* WHAT TO DO:
The answer should be each line from the entries below that has the word "SEKOLAH" in it.
◇ ◇ ◇ ◇
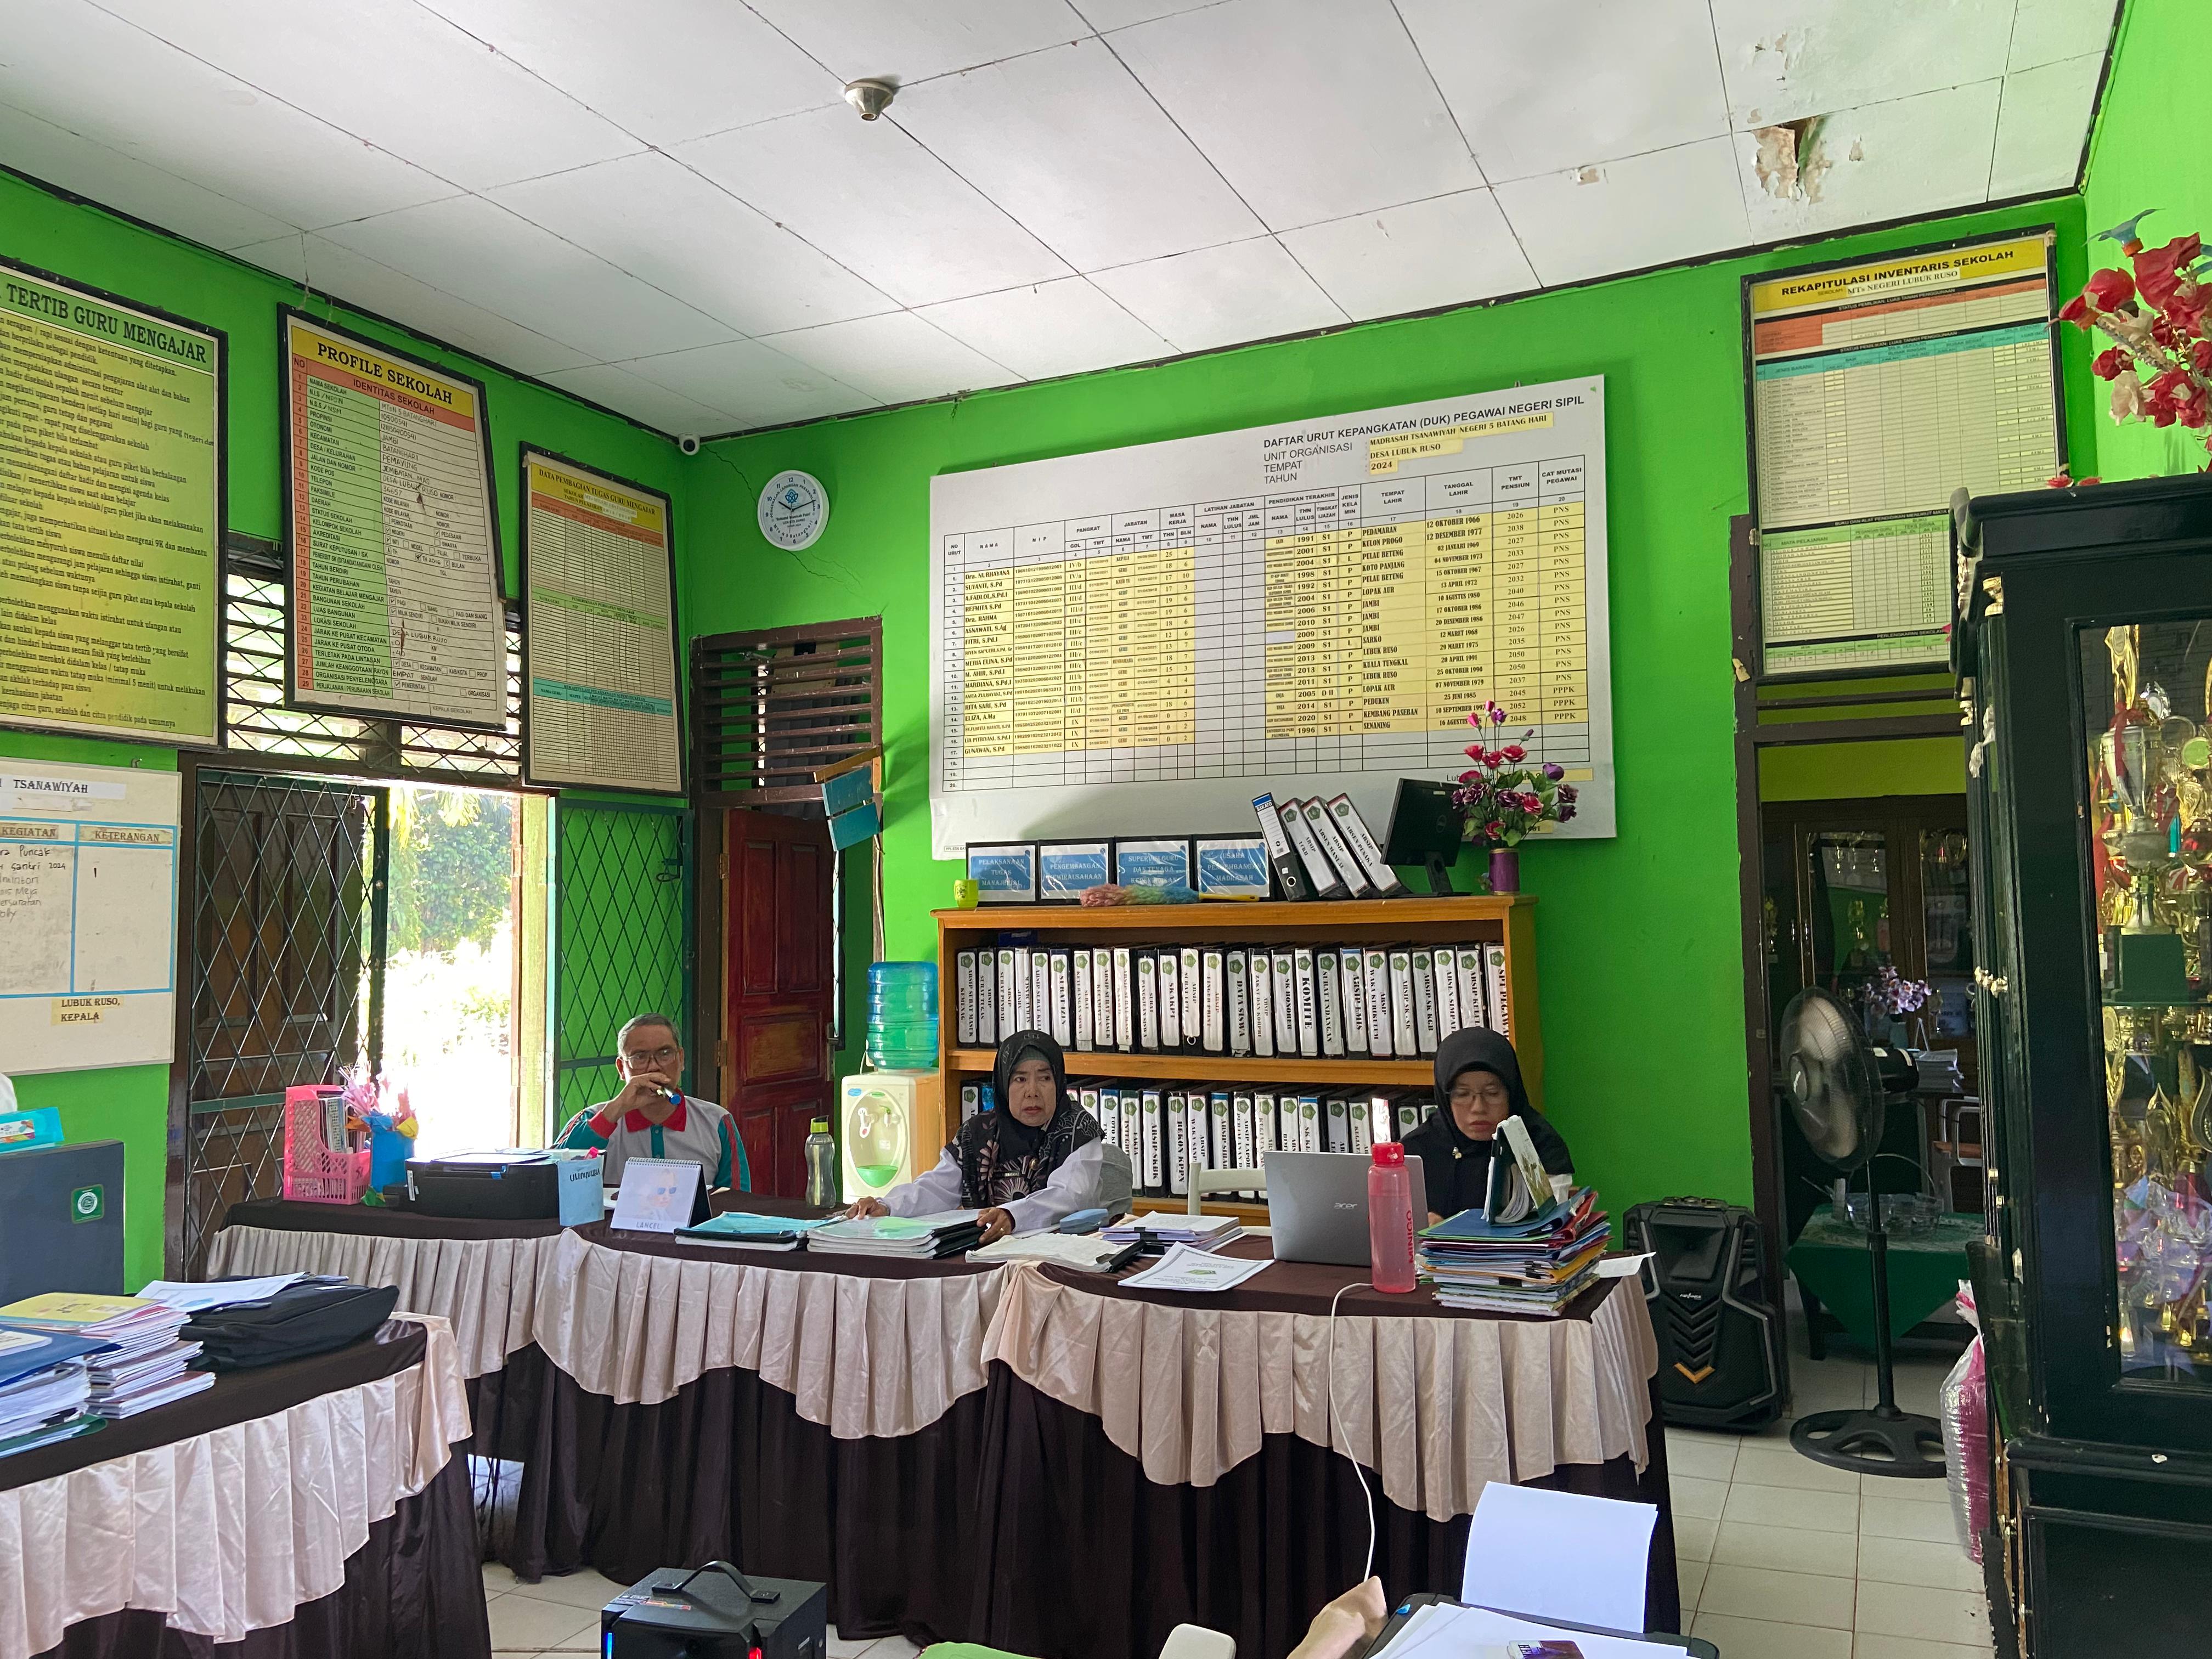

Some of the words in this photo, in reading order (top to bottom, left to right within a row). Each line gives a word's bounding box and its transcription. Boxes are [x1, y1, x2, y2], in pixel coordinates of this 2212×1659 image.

[1782, 274, 1870, 296] REKAPITULASI
[1875, 261, 1949, 280] INVENTARIS
[1954, 251, 2013, 267] SEKOLAH
[1848, 286, 1865, 295] MTs
[1867, 279, 1900, 291] NEGERI
[1903, 274, 1931, 285] LUBUK
[1934, 270, 1957, 280] RUSO
[7, 283, 68, 319] TERTIB
[75, 307, 117, 334] GURU
[123, 321, 206, 363] MENGAJAR
[40, 329, 52, 340] rapi
[75, 338, 96, 352] dengan
[98, 346, 127, 362] ketentuan
[130, 356, 143, 368] yang
[145, 360, 177, 376] ditetapkan.
[318, 342, 382, 377] PROFILE
[388, 369, 452, 404] SEKOLAH
[309, 378, 323, 388] NAMA
[324, 382, 347, 396] SEKOLAH
[353, 379, 395, 400] IDENTITAS
[398, 396, 435, 415] SEKOLAH
[310, 421, 332, 433] OTONOMI
[1264, 435, 1304, 448] DAFTAR
[1307, 431, 1335, 442] URUT
[1338, 419, 1417, 438] KEPANGKATAN
[1420, 415, 1450, 428] (DUK)
[1454, 407, 1505, 422] PEGAWAI
[1509, 400, 1551, 415] NEGERI
[1555, 396, 1584, 408] SIPIL
[311, 432, 339, 446] KECAMATAN
[1264, 451, 1286, 461] UNIT
[1290, 442, 1352, 459] ORGANISASI
[1370, 435, 1409, 446] MADRASAH
[1411, 428, 1456, 441] TSANAWIYAH
[1460, 424, 1486, 433] NEGERI
[1497, 419, 1526, 428] BATANG
[1528, 415, 1547, 424] HARI
[311, 443, 323, 452] DESA
[326, 448, 356, 461] KELURAHAN
[1264, 461, 1302, 473] TEMPAT
[1392, 448, 1417, 456] LUBUK
[1420, 444, 1441, 452] RUSO
[383, 455, 417, 471] PEMAYUNG
[382, 465, 412, 478] JEMBATAN
[417, 476, 430, 485] MAS
[1265, 473, 1297, 484] TAHUN
[1372, 461, 1392, 470] 2024
[1557, 467, 1582, 476] MUTASI
[1547, 476, 1577, 484] PEGAWAI
[539, 469, 554, 481] DATA
[556, 475, 590, 493] PEMBAGIAN
[592, 488, 609, 499] TUGAS
[611, 495, 625, 505] GURU
[627, 499, 655, 515] MENGAJAR
[1269, 496, 1304, 504] PENDIDIKAN
[1305, 493, 1335, 501] TERAKHIR
[1363, 527, 1397, 536] PEDAMARAN
[1435, 518, 1464, 527] OKTOBER
[313, 529, 340, 541] AKREDITASI
[127, 535, 154, 546] mengenai
[155, 539, 163, 548] 9K
[166, 541, 175, 551] dan
[178, 544, 207, 556] membantu
[1362, 539, 1380, 548] KULON
[1382, 537, 1402, 545] PROGO
[978, 570, 1010, 578] NURHAYANA
[313, 584, 335, 594] KEGIATAN
[337, 589, 357, 597] BELAJAR
[359, 593, 384, 602] MENGAJAR
[328, 608, 355, 618] BANGUNAN
[357, 634, 387, 644] KECAMATAN
[393, 670, 414, 679] EMPAT
[138, 681, 156, 690] menit)
[176, 686, 205, 695] melakukan
[1392, 708, 1418, 716] PASEBAN
[13, 780, 88, 793] TSANAWIYAH
[1256, 802, 1272, 811] SAKATO
[2, 827, 57, 837] KEGIATAN
[95, 831, 160, 842] KETERANGAN
[20, 845, 50, 857] Puncak
[61, 998, 93, 1008] LUBUK
[95, 997, 120, 1007] RUSO,
[1302, 977, 1312, 1029] KOMITE
[61, 1012, 99, 1022] KEPALA
◇ ◇ ◇ ◇
* TASK ANSWER:
[1954, 251, 2013, 267] SEKOLAH
[388, 369, 452, 404] SEKOLAH
[324, 382, 347, 396] SEKOLAH
[398, 396, 435, 415] SEKOLAH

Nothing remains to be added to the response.